It’s safe to assume that you’ve heard of Arianna Huffington. Recently, the entrepreneur, writer, and founder of Huffpost was kind enough to answer some of our most pressing questions about motherhood, finding balance when you’re so tired that you can’t even think straight, and what her newest venture—Thrive Global—is all about.
We’re excited to share some of what Arianna (self-proclaimed lover of flat shoes) had to tell us, but we’ll go ahead and let you know this right away: she wants everyone to get more sleep.
Take care of Yourself so You Can Take Care of Your Baby
“It’s like they say on planes,” Arianna explains, “secure your own oxygen mask first before helping others.” The sentiment being, if mom is floundering, how can she care for a baby? Arianna really believes in this. More than that, she wants to help.
We know it isn’t always easy for a mom to get the required amount of sleep, because figuring out a way to make it happen can feel impossible. Arianna, however, has a plan. And it involves looking towards old traditions.
“It’s so important for new moms to take care of themselves, so they’ll be better able to care for the child,” Ariana says. “So, the old advice still stands–try to nap when the baby naps. But also be ruthless about trying to find time in the day to nap whenever and wherever you can. Because there are so many times when your time is not your own, you really have to make the most of those brief moments when it is.”
“For those moments,” Arianna continues, “sleep should be a priority.” And that is a big part of what Thrive is all about. Reducing stress in moms reduces stress in babies, which is a win-win for everyone involved. No one can be a perfect parent, but giving yourself a little love, and a bit of prioritization, can go a long way.

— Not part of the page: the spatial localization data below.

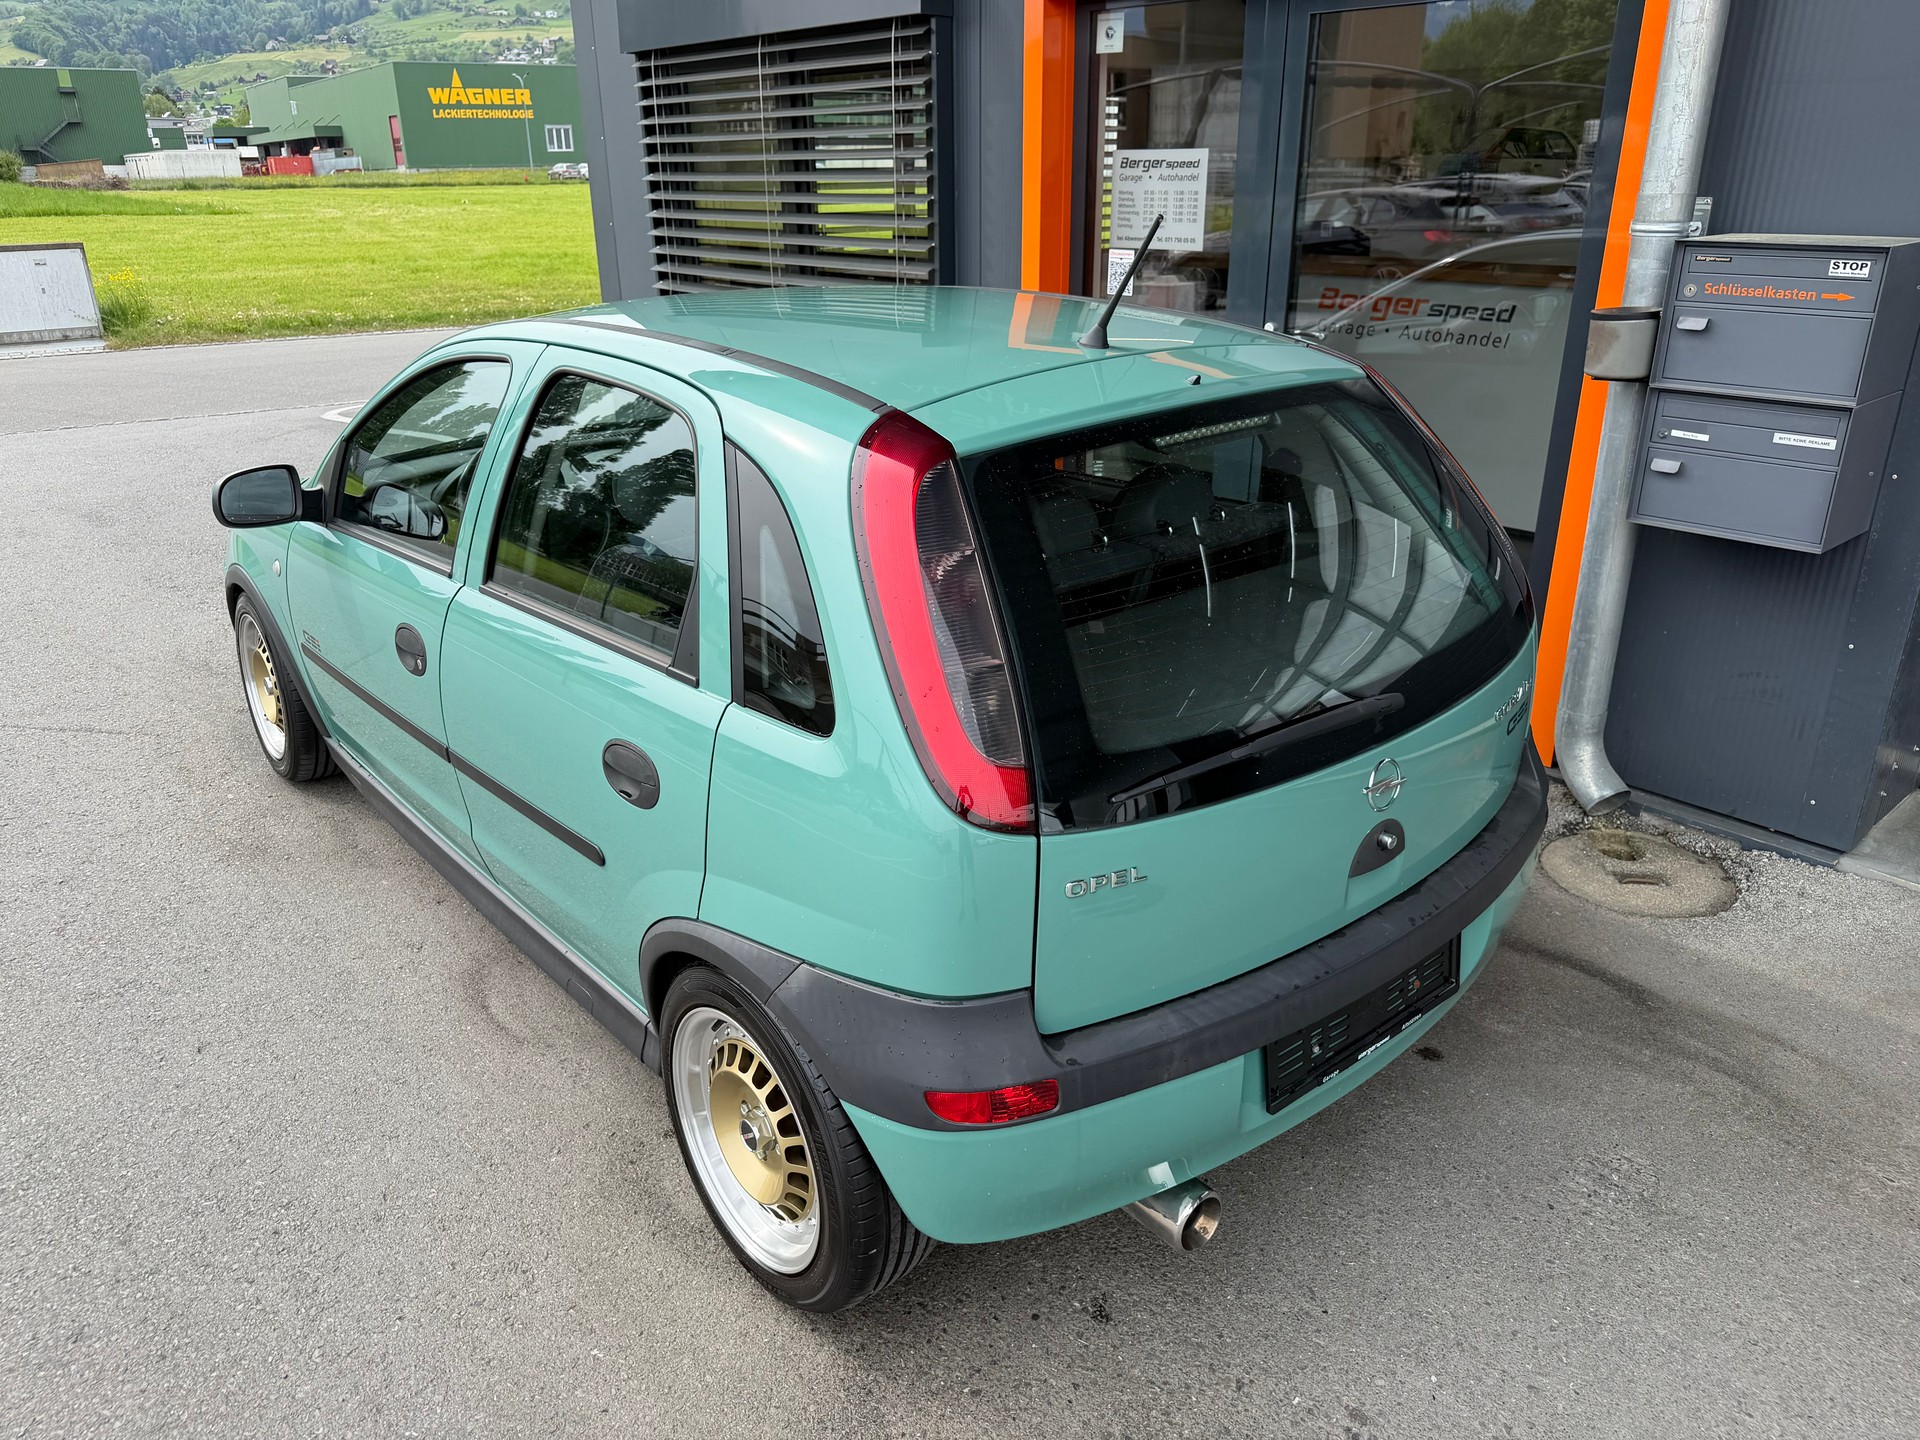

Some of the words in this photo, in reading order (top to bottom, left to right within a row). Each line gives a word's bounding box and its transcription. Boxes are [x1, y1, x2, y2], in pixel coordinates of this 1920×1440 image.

[1120, 157, 1201, 172] Bergerspeed
[1119, 173, 1143, 183] Garage
[1157, 173, 1200, 181] Autohandel
[1832, 261, 1869, 271] STOP
[1704, 283, 1817, 300] Schlüsselkasten
[1317, 287, 1518, 323] Bergerspeed
[1319, 320, 1376, 340] Garage
[1398, 325, 1511, 349] Autohandel
[1065, 866, 1148, 898] OPEL

“When you take care of yourself,” Arianna explains,” by sleeping well, eating well, and staying connected to the people and things that matter most to you—you’re going to be a much better parent.” Words to live (and sleep) by.
Failure Is A Stepping Stone
As mothers, we can’t be afraid to fail. But so often there’s no straightforward way to tell which decisions we make will go well and which ones might not have been the best idea. Arianna shared some wisdom that was passed down by her own mother. One of her favorite sayings, Arianna told us, was “that failure isn’t the opposite of success, it’s a stepping stone.”
As moms, we have to be mindful of the fact that our children are always watching. Letting your child see you take a risk, and even fail, is going to give them the tools to make better choices in the future.
“It’s a great lesson,” Arianna explained, “but the lesson only worked for my family because it was undergirded by an incredibly strong sense of unconditional love. The support of my family is really what made it okay to take risks–and fail–throughout my life. There are so many parenting books about how to be the perfect parent—and, of course, an ever-expanding universe of Internet advice and opinions—but what a lot of it boils down to is two things: that sense of unconditional love,” she says, “and allowing both your child to fail and yourself to fail.”
Helping Parents Thrive
Thrive Global, Arianna’s latest project, has been expanding all over the world since 2016. Arianna reveals that the platform is designed to help users reach their maximum potential, by guiding them through “too-small-to-fail Microsteps they can incorporate right away into any aspect of their daily lives.”
The tool sets out to help expand health and well-being, and it’s all backed by science. And that’s why Is This Normal collaborated with Thrive to bring some of the content you find on stagingiitn.wpengine.com to Thrive’s community, many of whom are new parents.
As a mom, Arianna finds it important to meet like-minded parents who will encourage you in your journey, similar to the community aspects that you can find on both platforms. “I highly recommend finding other parents who will support you. I call this my Thrive Tribe–the people in my life who are always in my corner, always there for me,” she says, “whether I succeed or fail.”